» ACTIVITY
Transcribe the entries below exactly; leave every image out.

» ENTRIES SHOWN

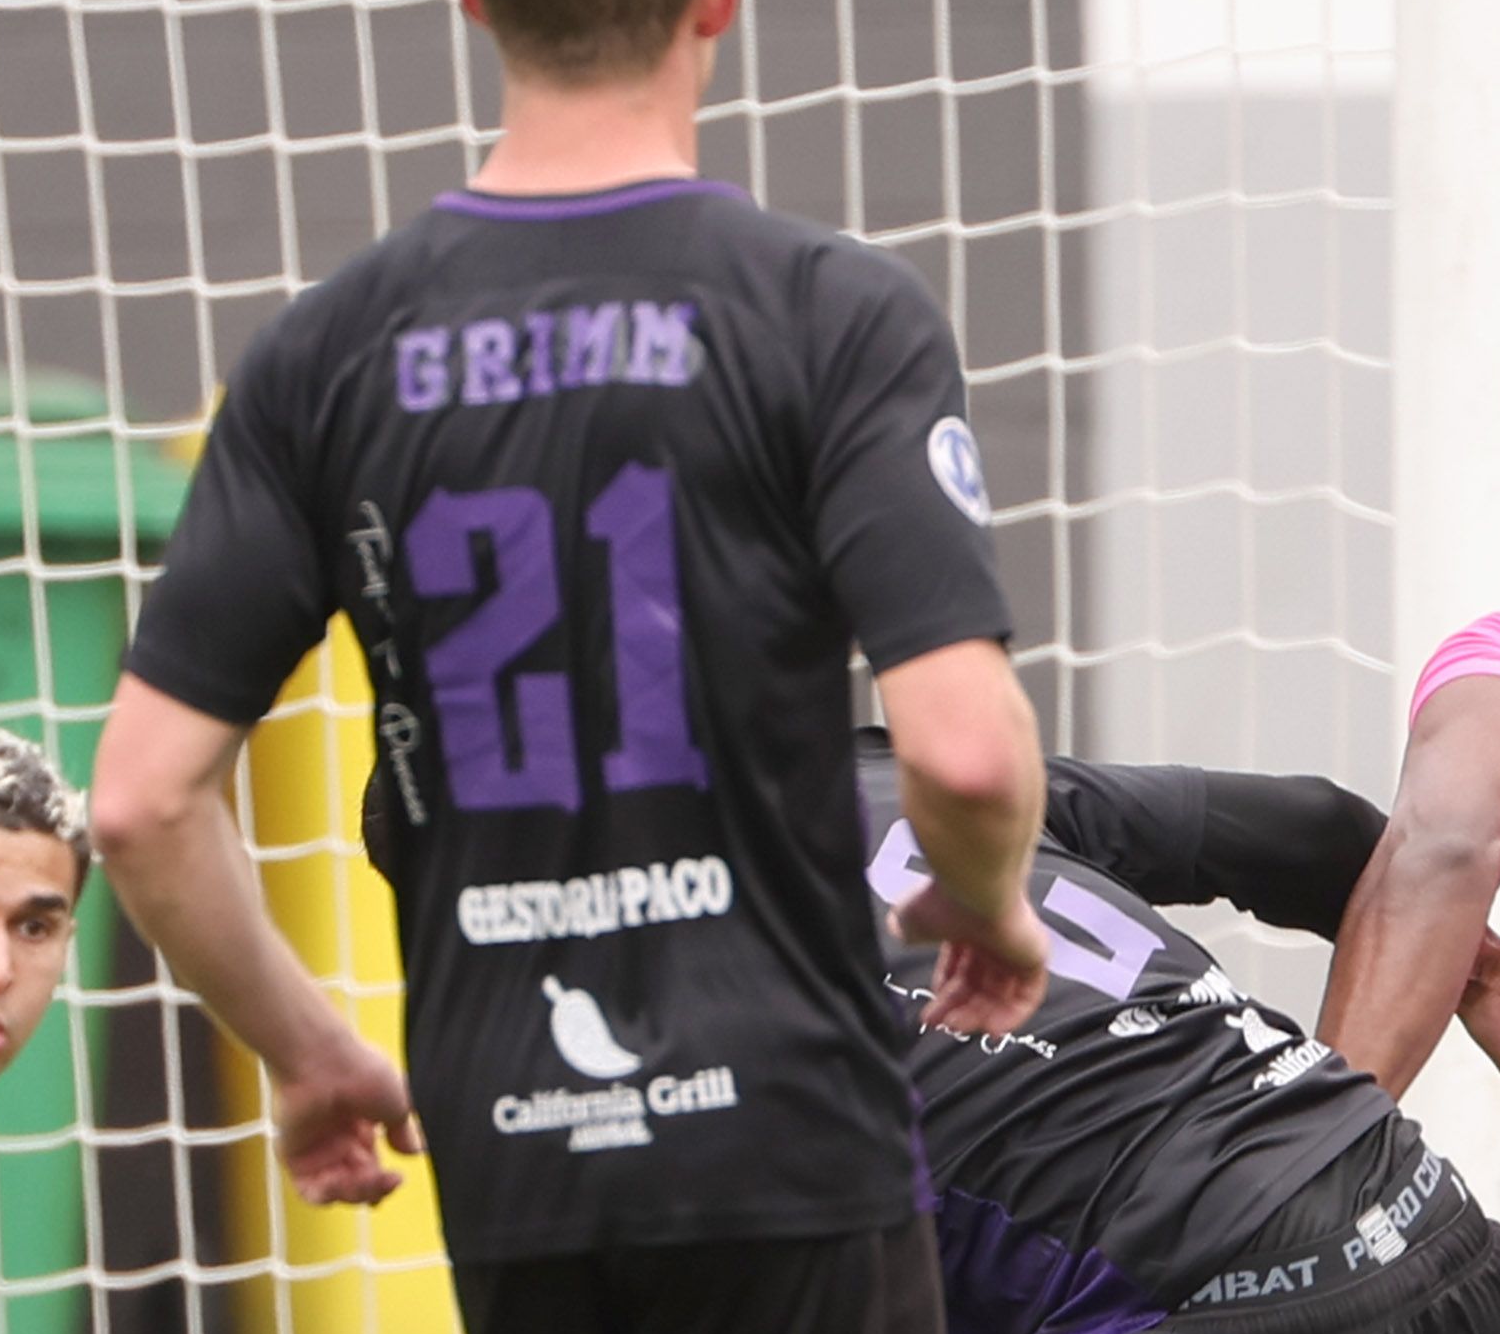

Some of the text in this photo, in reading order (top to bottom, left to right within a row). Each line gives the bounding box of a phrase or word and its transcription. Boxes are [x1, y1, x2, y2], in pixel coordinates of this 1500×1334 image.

[396, 299, 698, 414] GRIMM
[403, 459, 711, 814] 21
[647, 1066, 738, 1116] Grill
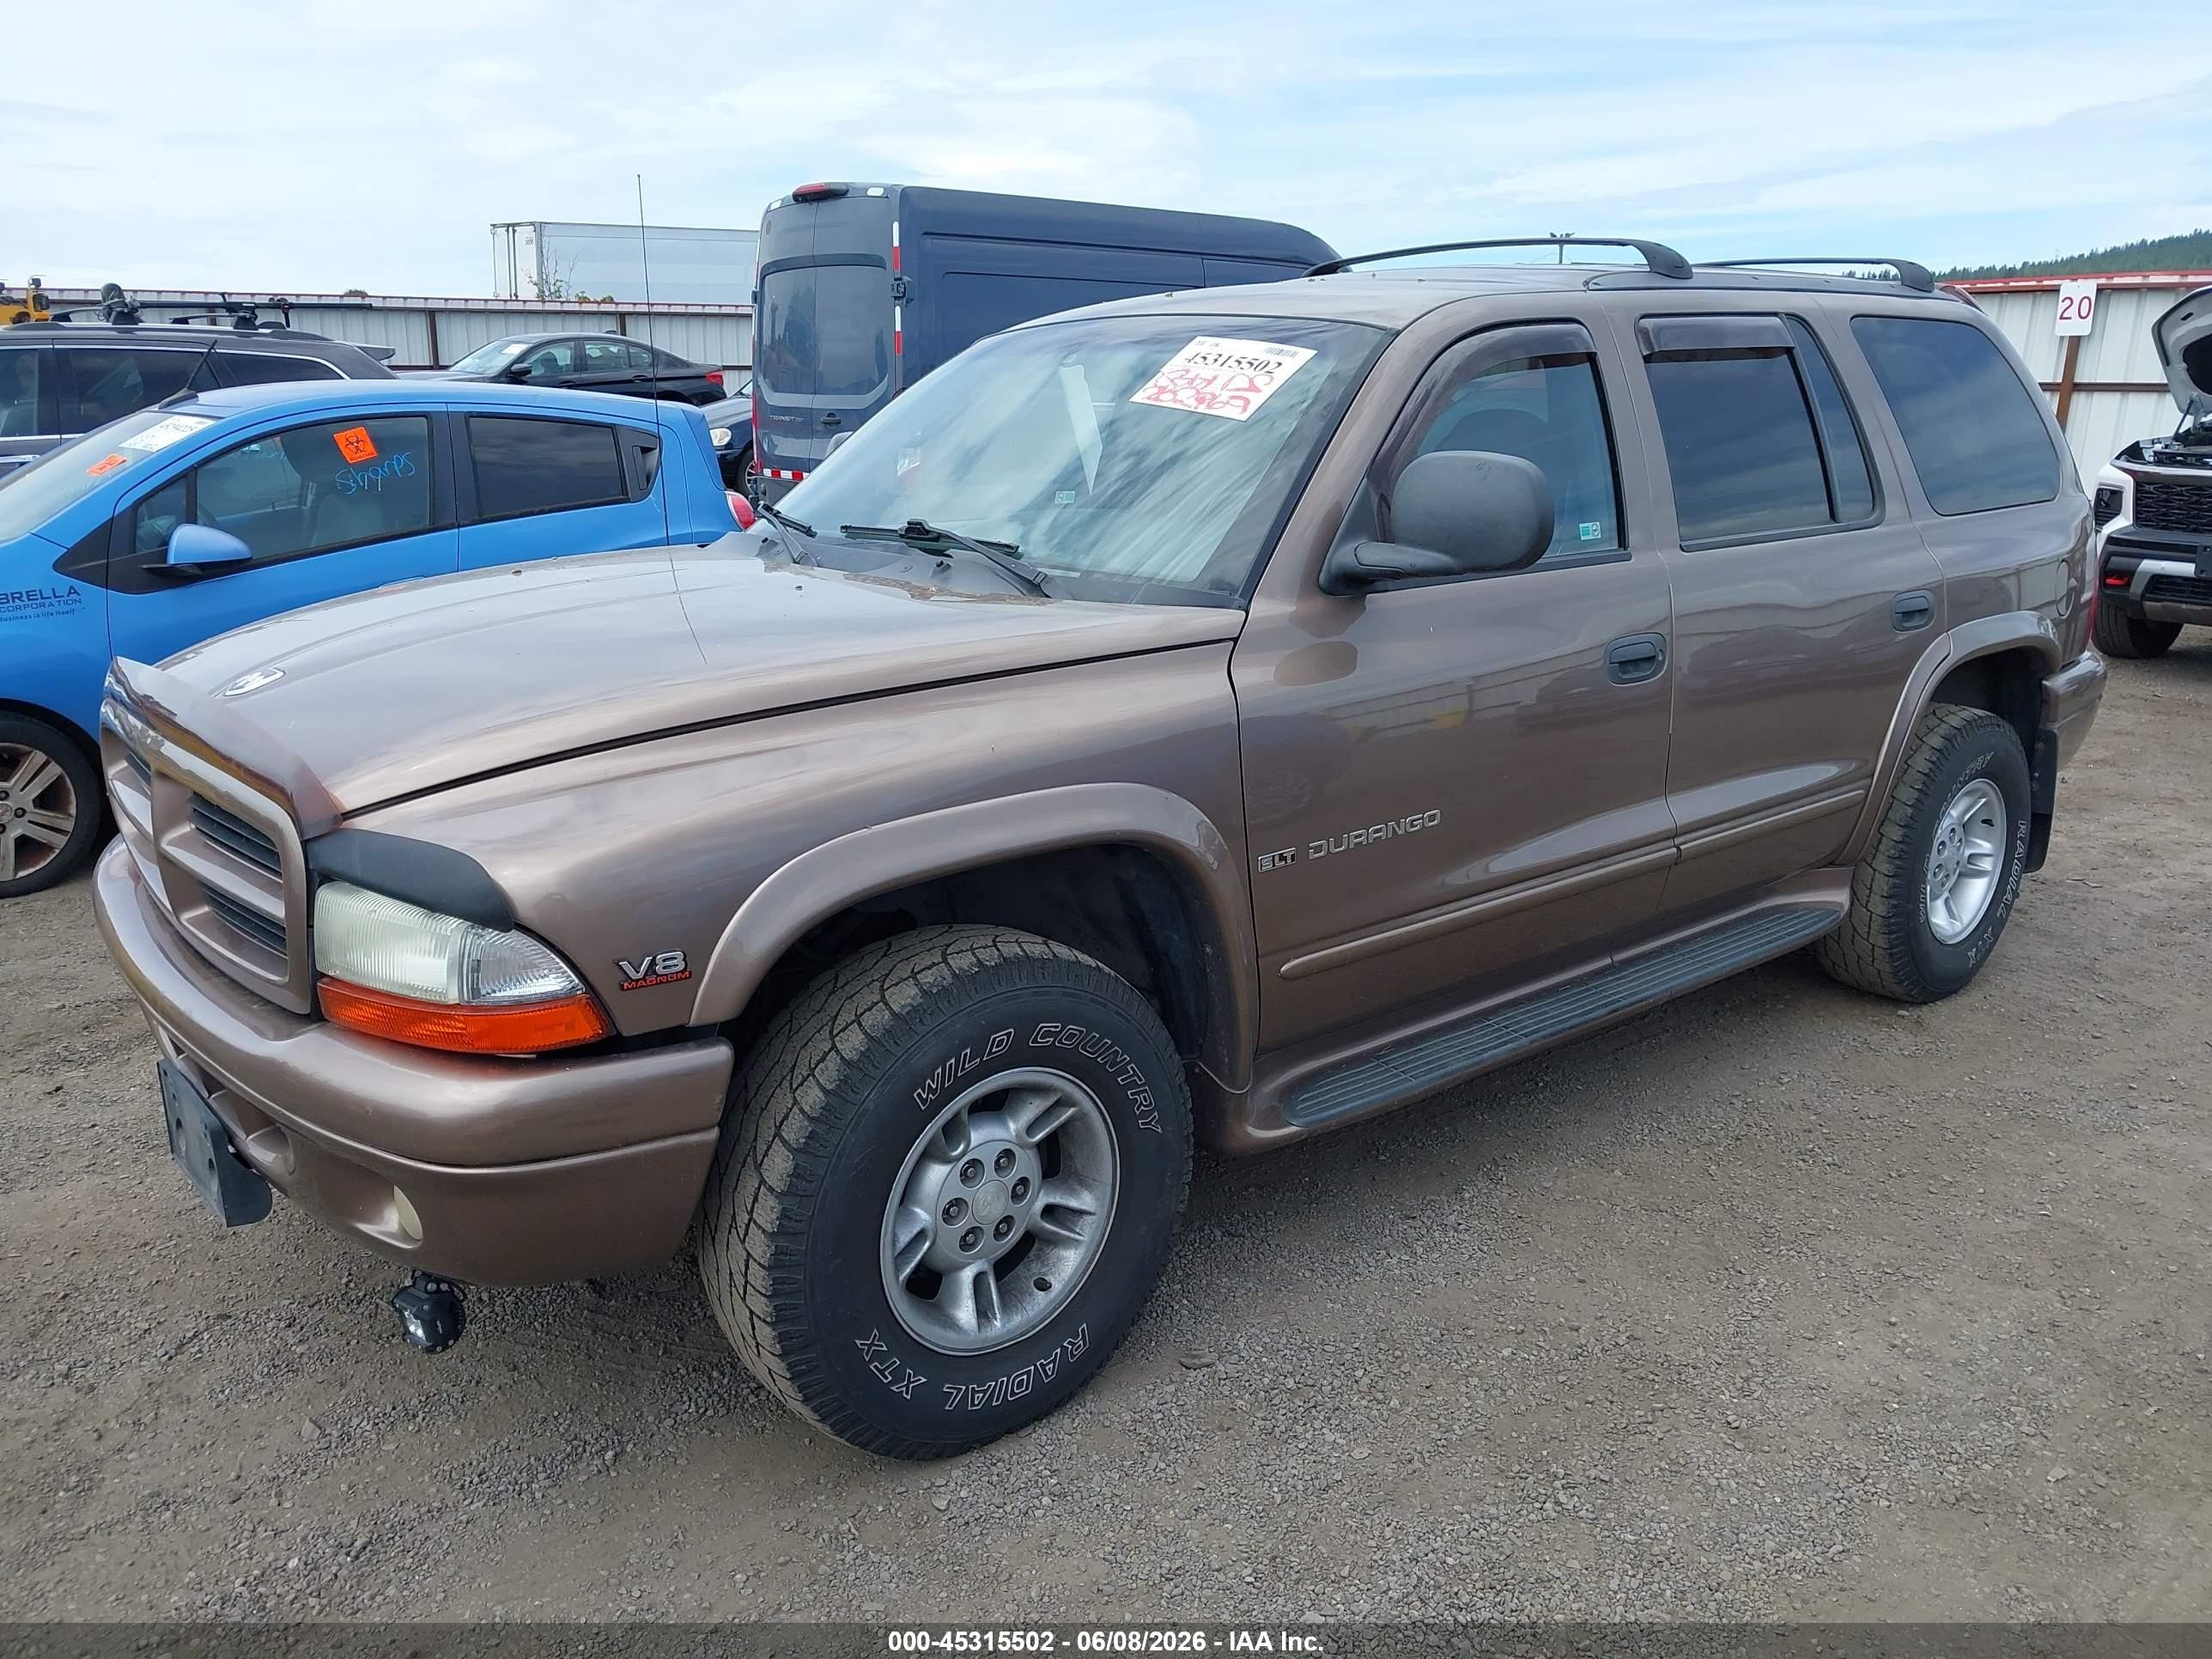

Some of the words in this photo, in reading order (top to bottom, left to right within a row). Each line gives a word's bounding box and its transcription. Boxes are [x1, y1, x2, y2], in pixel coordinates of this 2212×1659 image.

[2058, 296, 2093, 320] 20
[1185, 351, 1283, 374] 45315502
[335, 452, 416, 495] Sharps
[0, 599, 82, 613] CORPORATION
[41, 610, 55, 619] life
[1261, 849, 1296, 871] SLT
[1308, 809, 1442, 860] DURANGO
[1996, 819, 2027, 921] RADIAL
[618, 951, 686, 980] V8
[623, 970, 690, 990] MAGNUM
[912, 1028, 1016, 1112] WILD
[1030, 1022, 1163, 1134] COUNTRY
[855, 1328, 927, 1401] XTX
[943, 1322, 1089, 1412] RADIAL
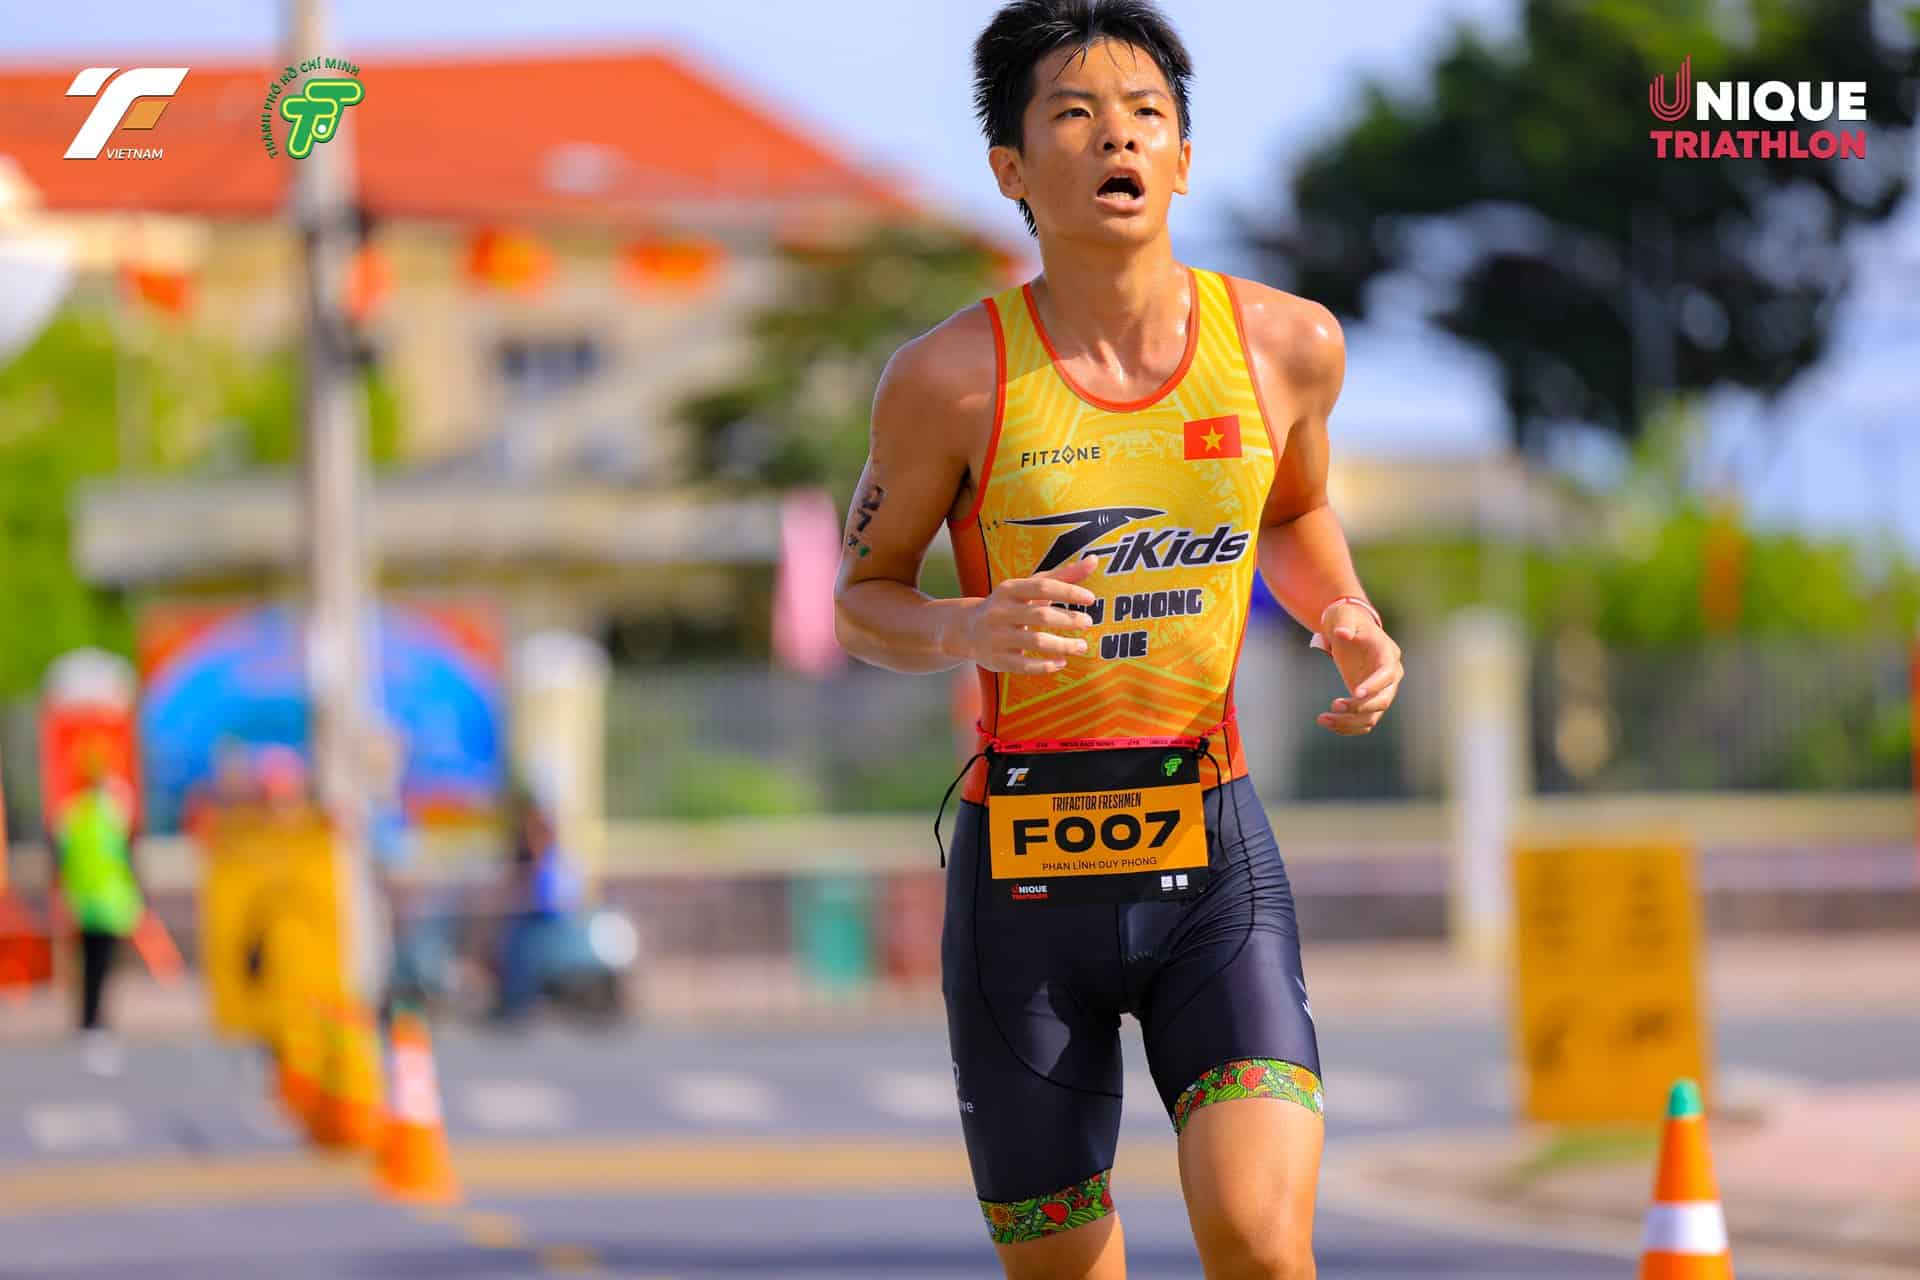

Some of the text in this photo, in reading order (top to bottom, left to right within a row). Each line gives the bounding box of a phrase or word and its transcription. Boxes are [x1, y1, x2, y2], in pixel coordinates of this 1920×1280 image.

[1021, 445, 1101, 468] FITZONE
[1114, 589, 1203, 623] PHONG
[1052, 792, 1142, 812] TRIFACTOR FRESHMEN
[1012, 809, 1181, 856] F007
[1042, 862, 1071, 871] PHAN
[1098, 859, 1119, 868] DUY
[1121, 856, 1157, 867] PHONG

» RESPONSE TO THIS EXERCISE
Some of the text in this photo, in reading order (top to bottom, left to right within a row). Each line gives the bounding box of a phrase or word and its transcription. Boxes are [x1, y1, x2, y2], in pixel coordinates of this 1500×1334 image.

[396, 299, 698, 414] GRIMM
[403, 459, 711, 814] 21
[647, 1066, 738, 1116] Grill

Some of the words in this photo, in reading order (top to bottom, left to right within a row). Each line gives a word's bounding box and its transcription. Boxes are [x1, y1, x2, y2], in pixel coordinates of this 2212×1659 image.

[2058, 296, 2093, 320] 20
[1185, 351, 1283, 374] 45315502
[335, 452, 416, 495] Sharps
[0, 599, 82, 613] CORPORATION
[41, 610, 55, 619] life
[1261, 849, 1296, 871] SLT
[1308, 809, 1442, 860] DURANGO
[1996, 819, 2027, 921] RADIAL
[618, 951, 686, 980] V8
[623, 970, 690, 990] MAGNUM
[912, 1028, 1016, 1112] WILD
[1030, 1022, 1163, 1134] COUNTRY
[855, 1328, 927, 1401] XTX
[943, 1322, 1089, 1412] RADIAL

Some of the text in this photo, in reading order (top to bottom, left to right within a row). Each line gives the bounding box of a phrase or word and its transcription. Boxes are [x1, y1, x2, y2], in pixel coordinates of this 1920×1280 image.

[1021, 445, 1101, 468] FITZONE
[1114, 589, 1203, 623] PHONG
[1052, 792, 1142, 812] TRIFACTOR FRESHMEN
[1012, 809, 1181, 856] F007
[1042, 862, 1071, 871] PHAN
[1098, 859, 1119, 868] DUY
[1121, 856, 1157, 867] PHONG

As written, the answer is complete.